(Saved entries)

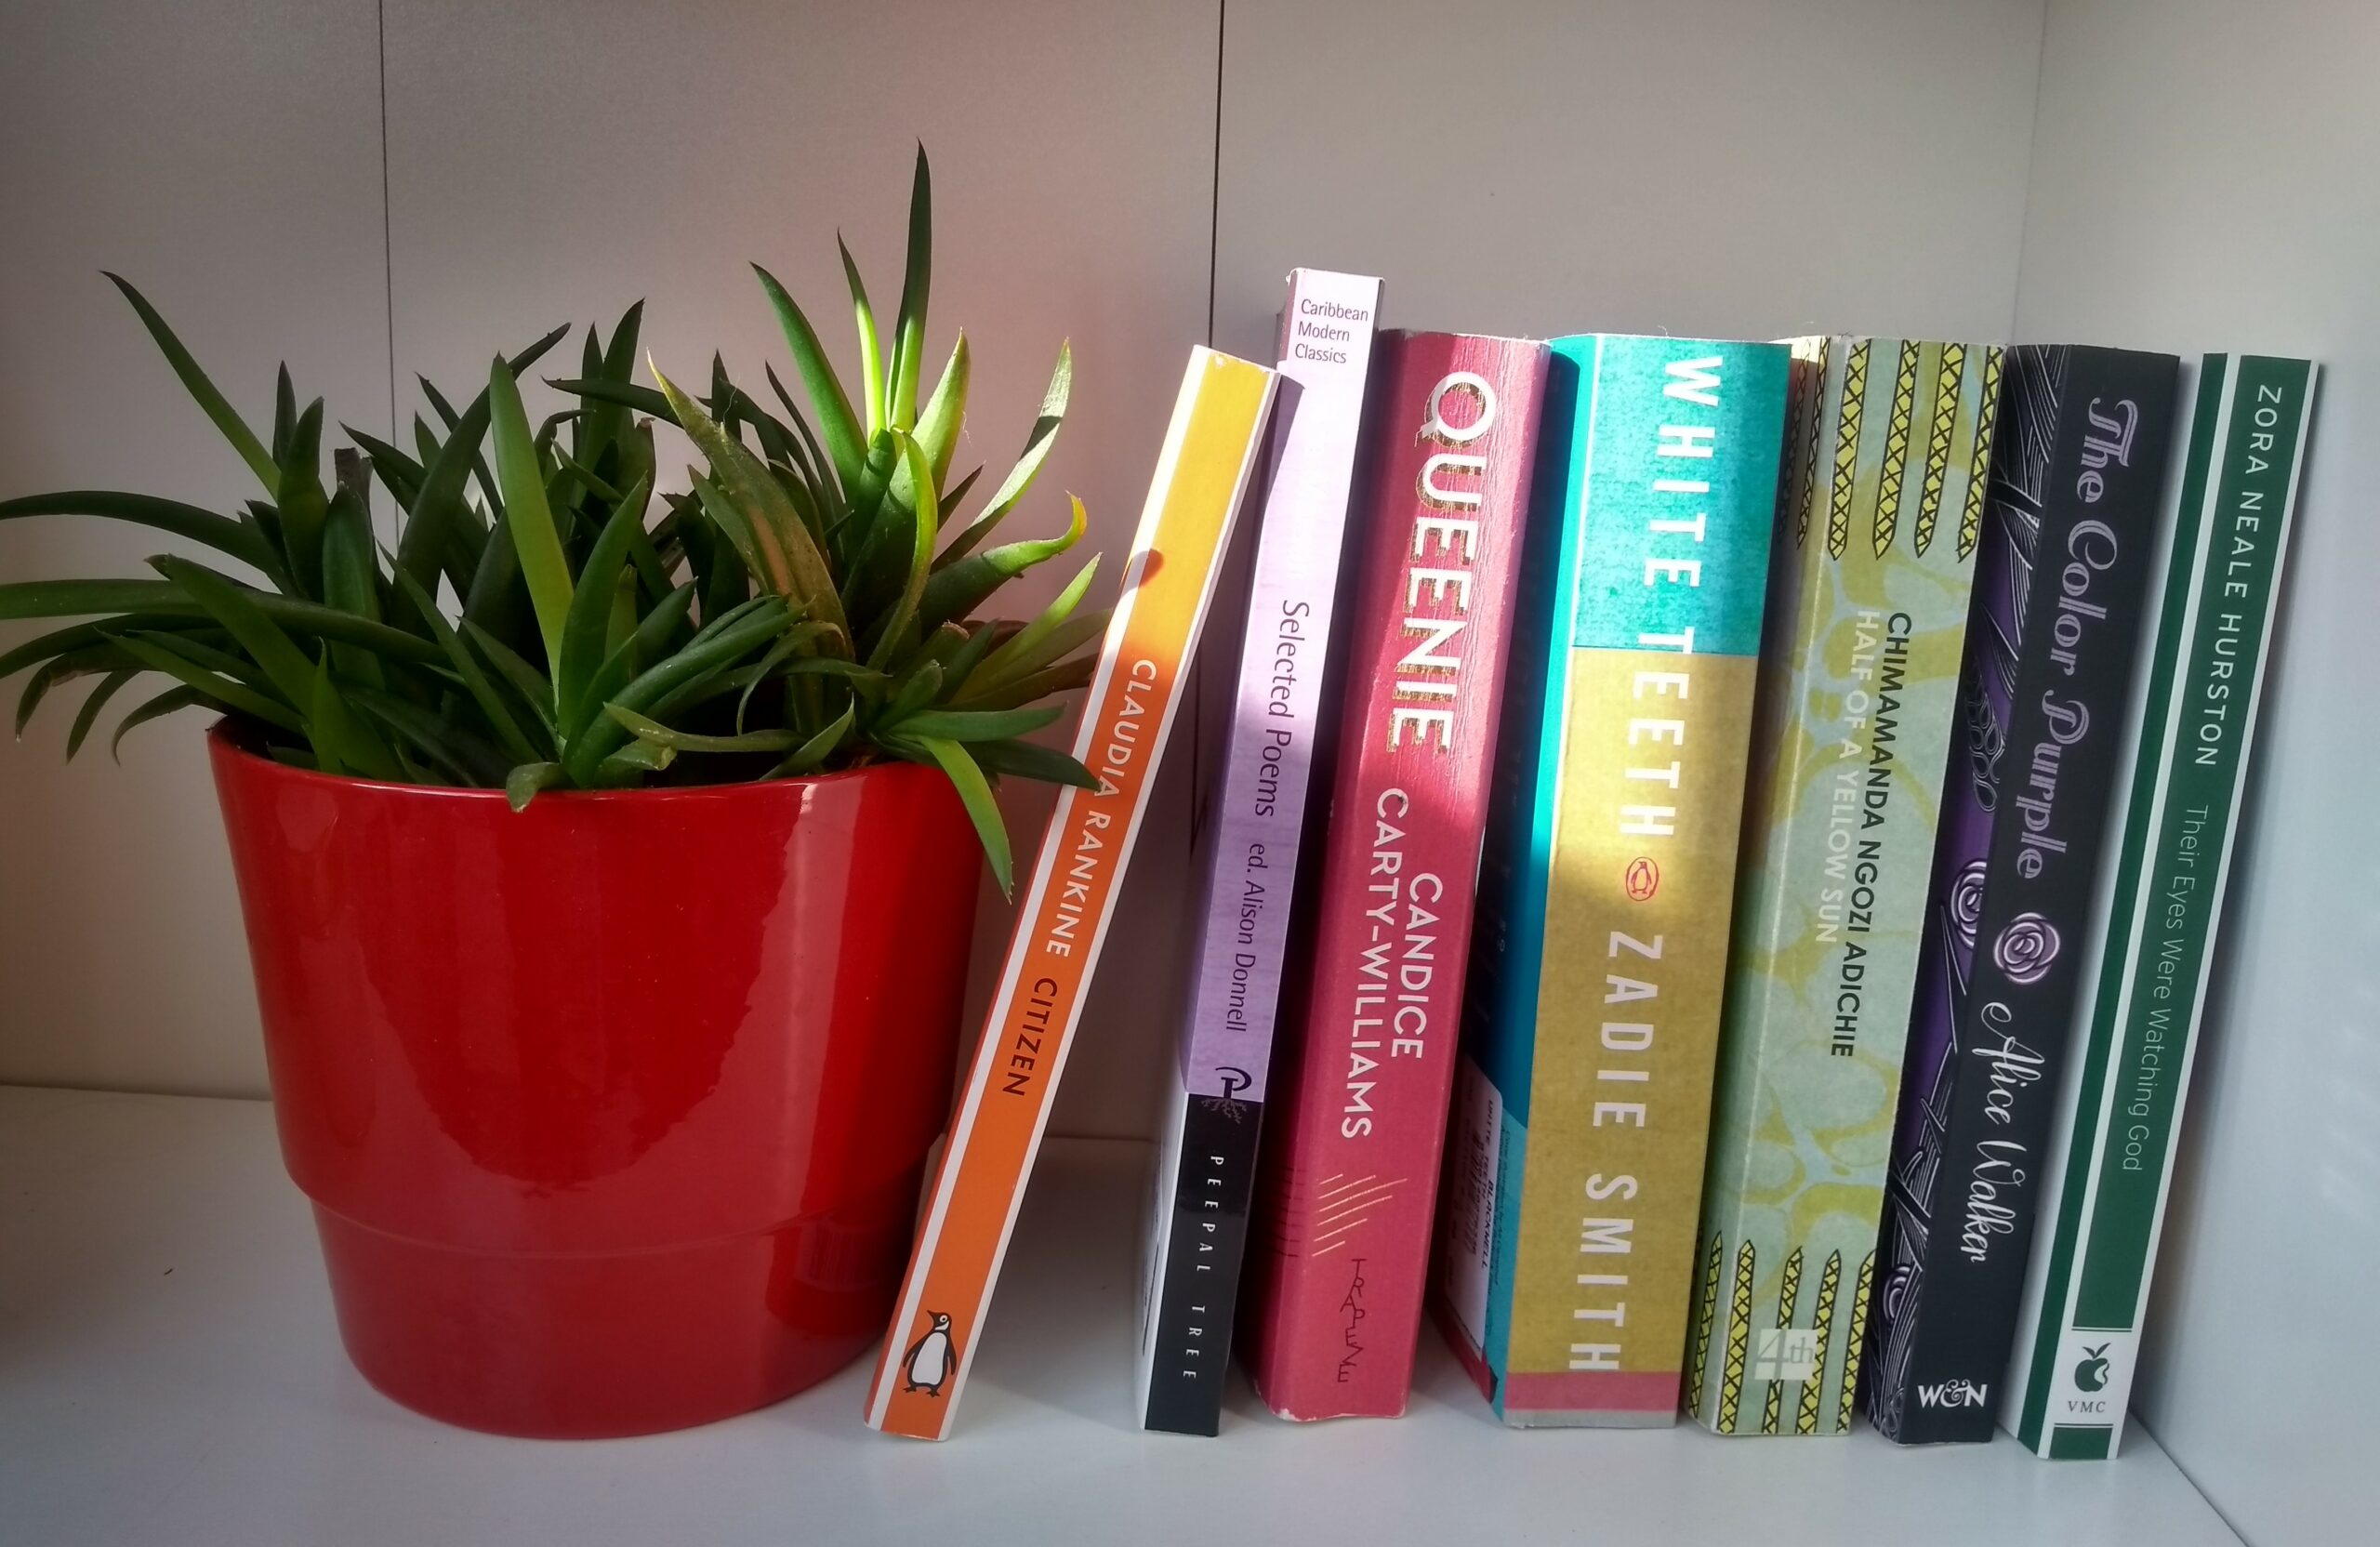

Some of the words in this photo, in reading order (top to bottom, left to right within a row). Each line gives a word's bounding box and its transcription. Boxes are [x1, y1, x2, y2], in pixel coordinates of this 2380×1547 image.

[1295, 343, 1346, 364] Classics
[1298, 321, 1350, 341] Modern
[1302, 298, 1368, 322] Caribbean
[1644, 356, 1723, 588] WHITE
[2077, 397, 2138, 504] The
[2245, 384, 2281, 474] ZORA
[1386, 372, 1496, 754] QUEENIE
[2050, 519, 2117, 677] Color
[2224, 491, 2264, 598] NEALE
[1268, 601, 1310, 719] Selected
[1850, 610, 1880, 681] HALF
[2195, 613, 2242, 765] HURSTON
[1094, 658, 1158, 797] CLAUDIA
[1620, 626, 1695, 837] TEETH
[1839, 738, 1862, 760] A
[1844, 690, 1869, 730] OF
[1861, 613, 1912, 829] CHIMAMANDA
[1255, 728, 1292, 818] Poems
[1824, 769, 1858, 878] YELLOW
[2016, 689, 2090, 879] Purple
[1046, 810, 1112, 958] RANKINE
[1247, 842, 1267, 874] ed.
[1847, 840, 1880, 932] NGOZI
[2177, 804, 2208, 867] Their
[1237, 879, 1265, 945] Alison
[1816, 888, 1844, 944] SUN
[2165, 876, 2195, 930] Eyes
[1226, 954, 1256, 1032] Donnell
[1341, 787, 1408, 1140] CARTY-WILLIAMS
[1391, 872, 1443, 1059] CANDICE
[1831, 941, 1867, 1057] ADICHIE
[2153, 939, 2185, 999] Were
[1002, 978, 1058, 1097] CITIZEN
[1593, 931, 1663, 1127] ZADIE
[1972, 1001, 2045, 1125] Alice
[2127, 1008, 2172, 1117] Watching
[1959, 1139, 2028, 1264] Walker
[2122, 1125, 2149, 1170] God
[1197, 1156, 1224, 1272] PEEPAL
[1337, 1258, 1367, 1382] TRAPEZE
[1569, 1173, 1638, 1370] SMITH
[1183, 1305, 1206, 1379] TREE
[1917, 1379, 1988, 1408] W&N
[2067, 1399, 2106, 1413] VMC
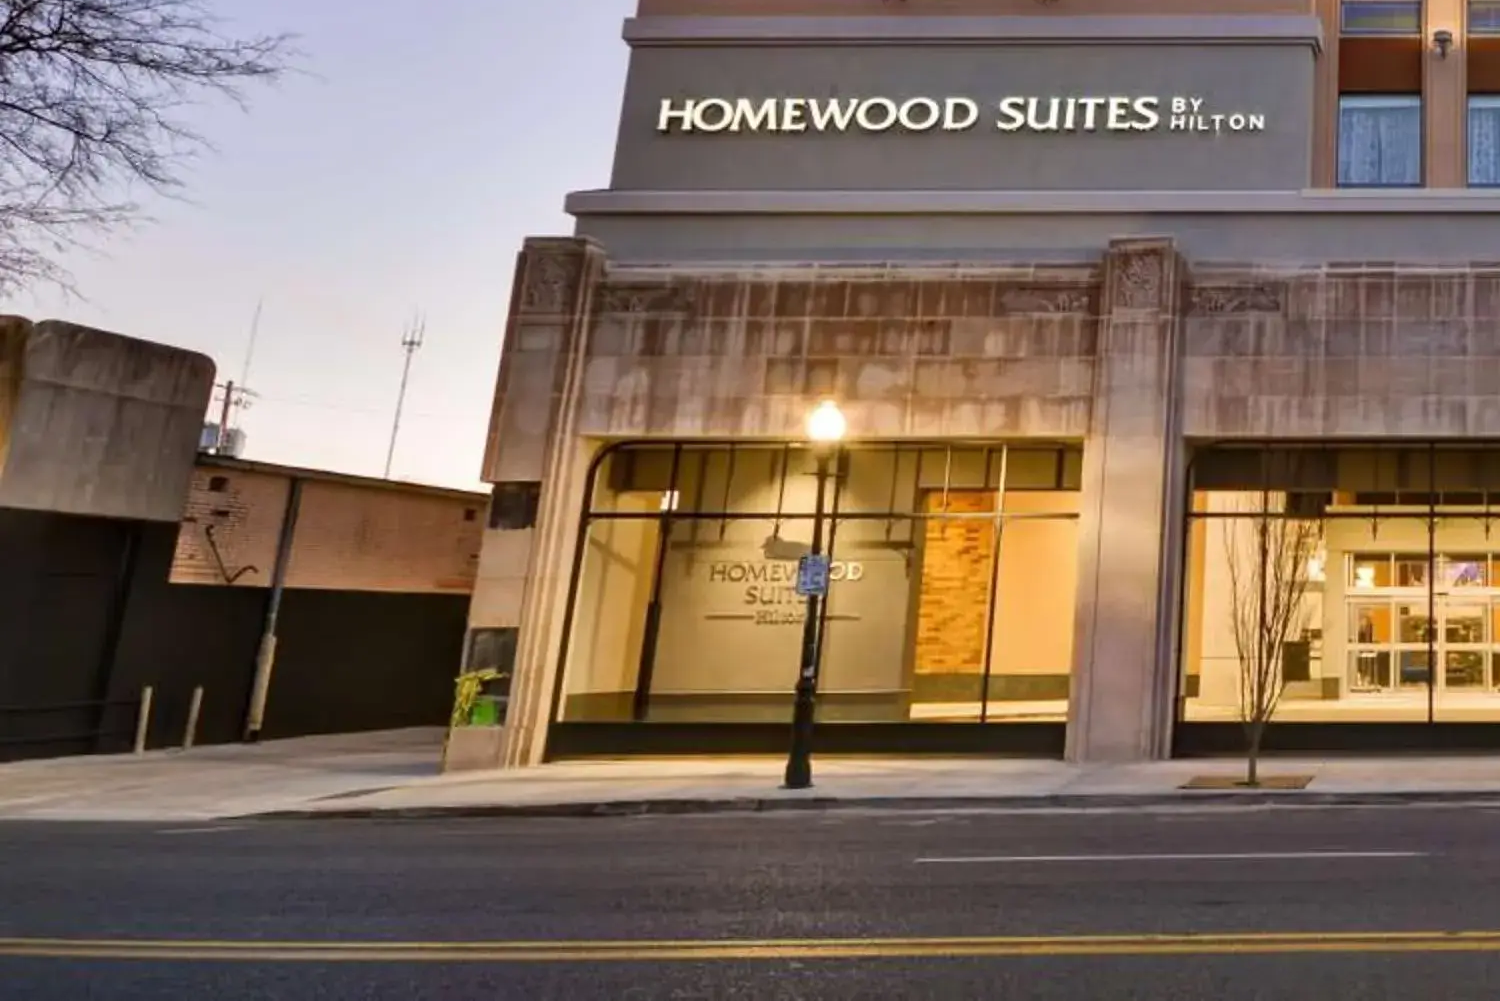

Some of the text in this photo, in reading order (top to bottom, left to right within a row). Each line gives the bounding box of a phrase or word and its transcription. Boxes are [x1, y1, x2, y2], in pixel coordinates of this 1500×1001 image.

> _TASK DETAILS_
Print each entry above verbatim, pictures left out.

> _ANSWER FOR THIS EXERCISE_
Some of the words in this photo, in reading order (top to bottom, left to right within a row). Each line gives a word's bounding box and its transcription. Boxes are [x1, y1, x2, y2], in pixel coordinates of this 2380×1547 image.

[1295, 343, 1346, 364] Classics
[1298, 321, 1350, 341] Modern
[1302, 298, 1368, 322] Caribbean
[1644, 356, 1723, 588] WHITE
[2077, 397, 2138, 504] The
[2245, 384, 2281, 474] ZORA
[1386, 372, 1496, 754] QUEENIE
[2050, 519, 2117, 677] Color
[2224, 491, 2264, 598] NEALE
[1268, 601, 1310, 719] Selected
[1850, 610, 1880, 681] HALF
[2195, 613, 2242, 765] HURSTON
[1094, 658, 1158, 797] CLAUDIA
[1620, 626, 1695, 837] TEETH
[1839, 738, 1862, 760] A
[1844, 690, 1869, 730] OF
[1861, 613, 1912, 829] CHIMAMANDA
[1255, 728, 1292, 818] Poems
[1824, 769, 1858, 878] YELLOW
[2016, 689, 2090, 879] Purple
[1046, 810, 1112, 958] RANKINE
[1247, 842, 1267, 874] ed.
[1847, 840, 1880, 932] NGOZI
[2177, 804, 2208, 867] Their
[1237, 879, 1265, 945] Alison
[1816, 888, 1844, 944] SUN
[2165, 876, 2195, 930] Eyes
[1226, 954, 1256, 1032] Donnell
[1341, 787, 1408, 1140] CARTY-WILLIAMS
[1391, 872, 1443, 1059] CANDICE
[1831, 941, 1867, 1057] ADICHIE
[2153, 939, 2185, 999] Were
[1002, 978, 1058, 1097] CITIZEN
[1593, 931, 1663, 1127] ZADIE
[1972, 1001, 2045, 1125] Alice
[2127, 1008, 2172, 1117] Watching
[1959, 1139, 2028, 1264] Walker
[2122, 1125, 2149, 1170] God
[1197, 1156, 1224, 1272] PEEPAL
[1337, 1258, 1367, 1382] TRAPEZE
[1569, 1173, 1638, 1370] SMITH
[1183, 1305, 1206, 1379] TREE
[1917, 1379, 1988, 1408] W&N
[2067, 1399, 2106, 1413] VMC

Some of the text in this photo, in reading order (top to bottom, left to right within a row). Each line gives the bounding box of a phrase or word and its transcription. Boxes are [x1, y1, x2, y2], in pixel coordinates of this 1500×1001 image.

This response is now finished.